> **WORK INSTRUCTION**
The response should be an exact transcription of the data below, free of images.

> **MATERIAL TO PROCESS**
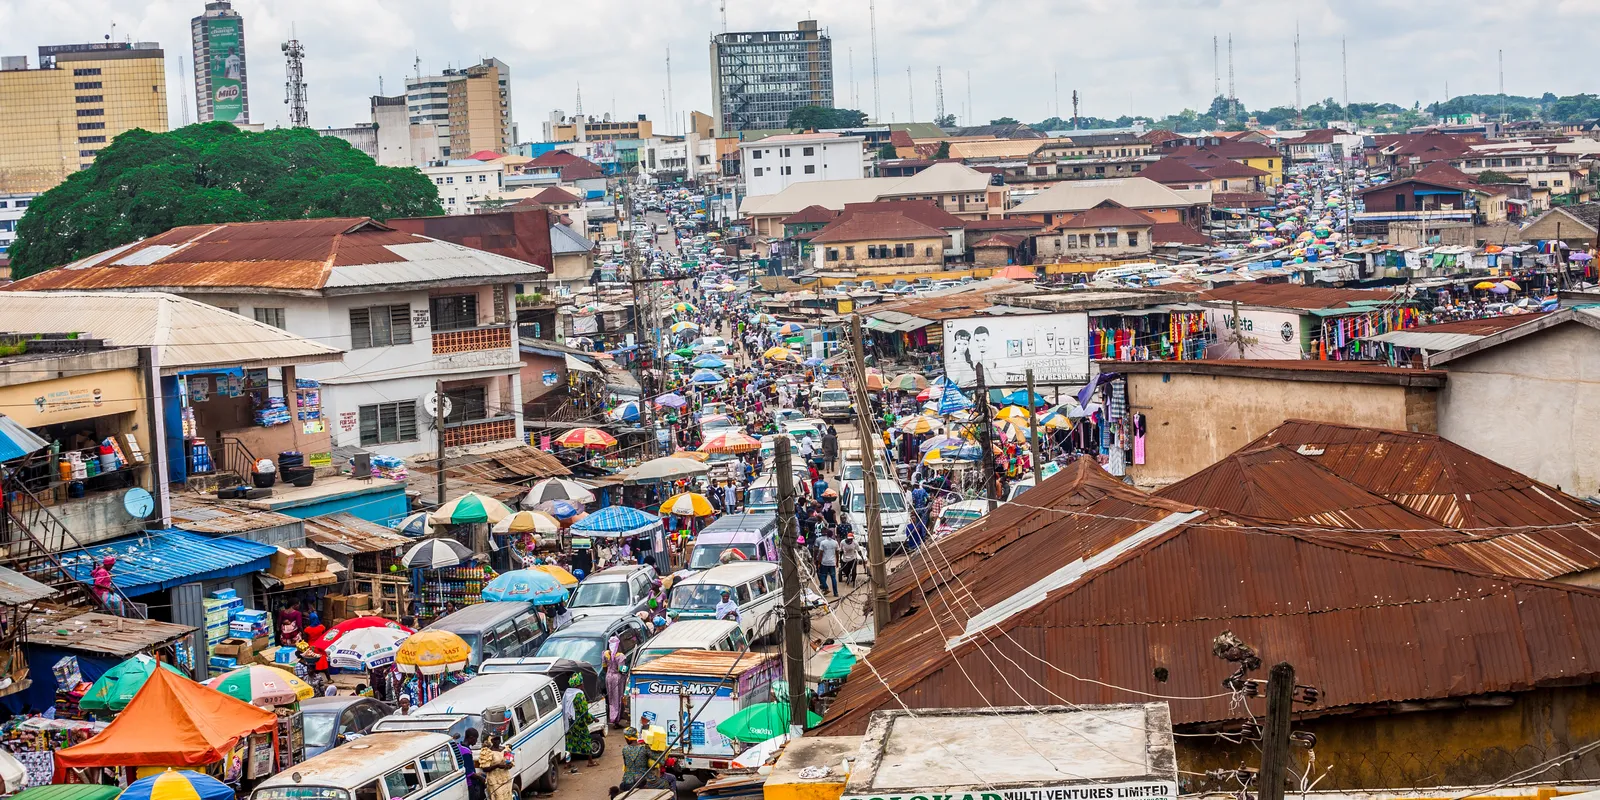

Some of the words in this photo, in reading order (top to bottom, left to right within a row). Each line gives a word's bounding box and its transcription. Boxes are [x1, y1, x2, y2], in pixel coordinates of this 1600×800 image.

[218, 89, 238, 98] MILO
[1223, 314, 1253, 331] Veeta
[1024, 359, 1066, 367] PASSION
[1004, 791, 1042, 800] MULTI
[1046, 788, 1113, 800] VENTURES
[1117, 785, 1169, 797] LIMITED
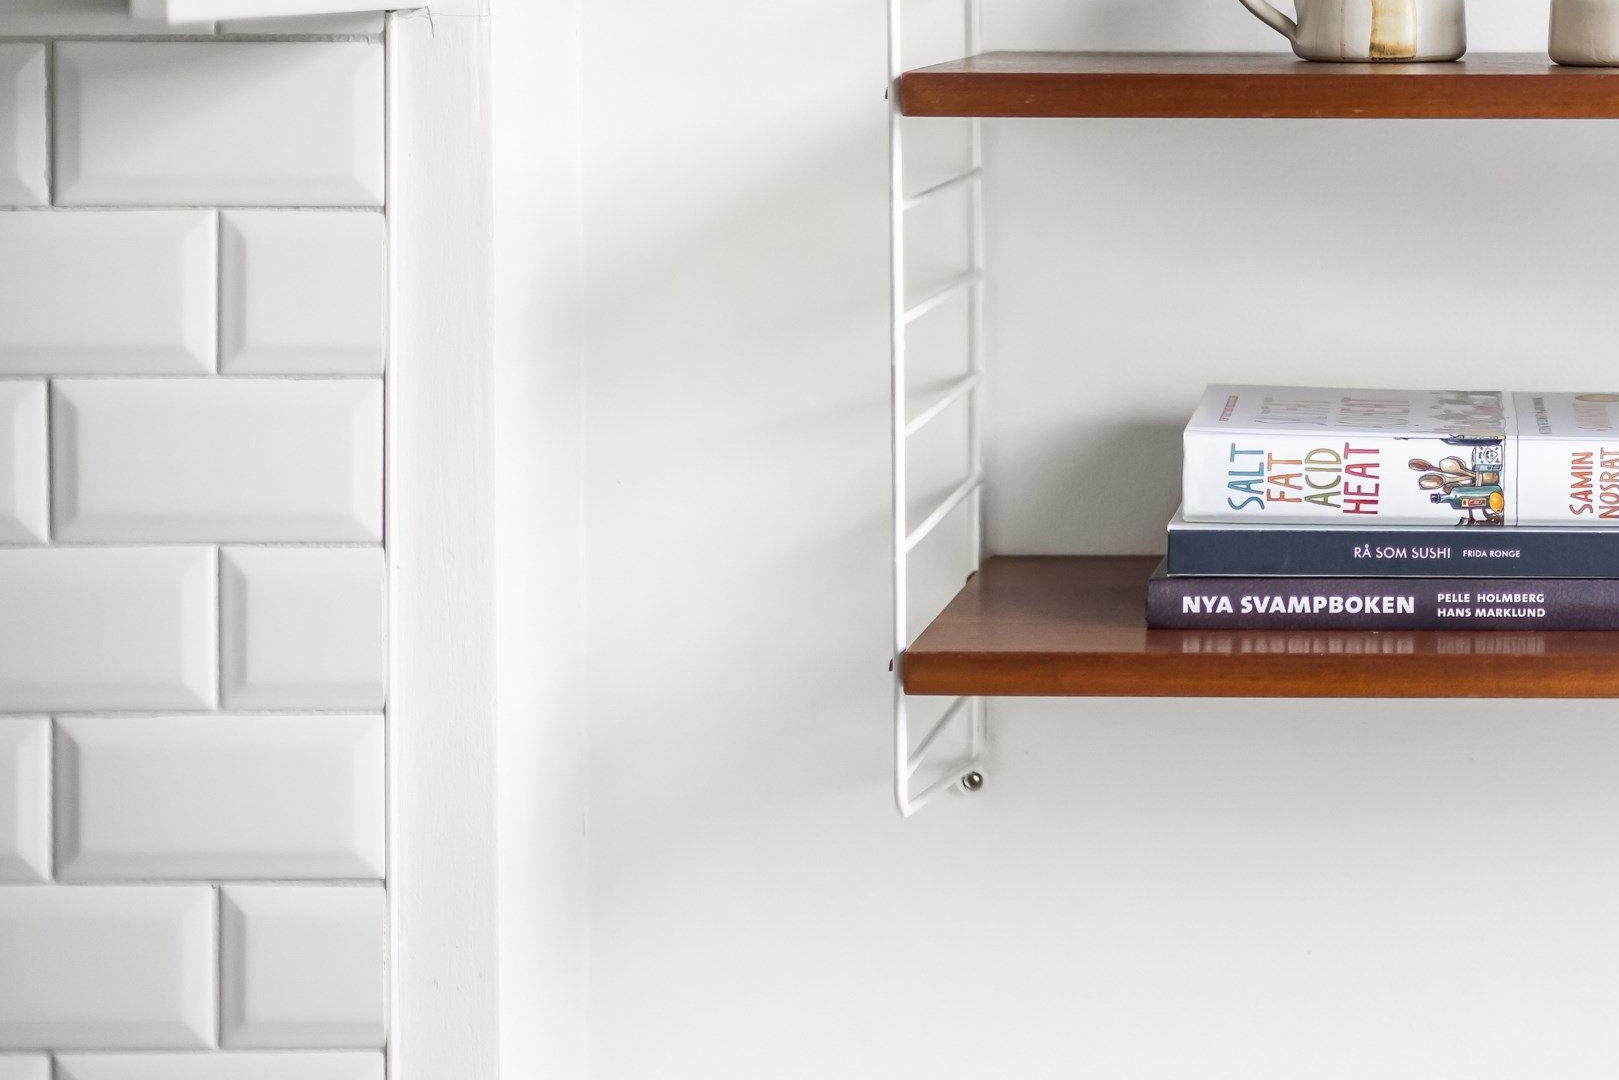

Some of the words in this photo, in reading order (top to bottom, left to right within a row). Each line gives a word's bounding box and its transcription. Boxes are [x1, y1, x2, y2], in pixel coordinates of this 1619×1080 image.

[1227, 442, 1265, 510] SALT
[1266, 452, 1303, 503] FAT
[1304, 448, 1342, 508] ACID
[1342, 442, 1380, 515] HEAT
[1569, 451, 1594, 516] SAMIN
[1354, 543, 1372, 559] RÅ
[1375, 546, 1408, 559] SOM
[1411, 546, 1451, 560] SUSHI
[1462, 549, 1488, 558] FRIDA
[1489, 549, 1521, 558] RONGE
[1182, 595, 1234, 614] NYA
[1240, 595, 1415, 614] SVAMPBOKEN
[1437, 593, 1471, 603] PELLE
[1477, 593, 1545, 603] HOLMBERG
[1437, 607, 1472, 618] HANS
[1474, 607, 1546, 618] MARKLUND

> **RESULT OF THE EXERCISE**
Some of the words in this photo, in reading order (top to bottom, left to right within a row). Each line gives a word's bounding box and its transcription. Boxes are [x1, y1, x2, y2], in pixel coordinates of this 1600×800 image.

[218, 89, 238, 98] MILO
[1223, 314, 1253, 331] Veeta
[1024, 359, 1066, 367] PASSION
[1004, 791, 1042, 800] MULTI
[1046, 788, 1113, 800] VENTURES
[1117, 785, 1169, 797] LIMITED

Some of the words in this photo, in reading order (top to bottom, left to right within a row). Each line gives a word's bounding box and its transcription. Boxes are [x1, y1, x2, y2], in pixel coordinates of this 1619×1080 image.

[1227, 442, 1265, 510] SALT
[1266, 452, 1303, 503] FAT
[1304, 448, 1342, 508] ACID
[1342, 442, 1380, 515] HEAT
[1569, 451, 1594, 516] SAMIN
[1354, 543, 1372, 559] RÅ
[1375, 546, 1408, 559] SOM
[1411, 546, 1451, 560] SUSHI
[1462, 549, 1488, 558] FRIDA
[1489, 549, 1521, 558] RONGE
[1182, 595, 1234, 614] NYA
[1240, 595, 1415, 614] SVAMPBOKEN
[1437, 593, 1471, 603] PELLE
[1477, 593, 1545, 603] HOLMBERG
[1437, 607, 1472, 618] HANS
[1474, 607, 1546, 618] MARKLUND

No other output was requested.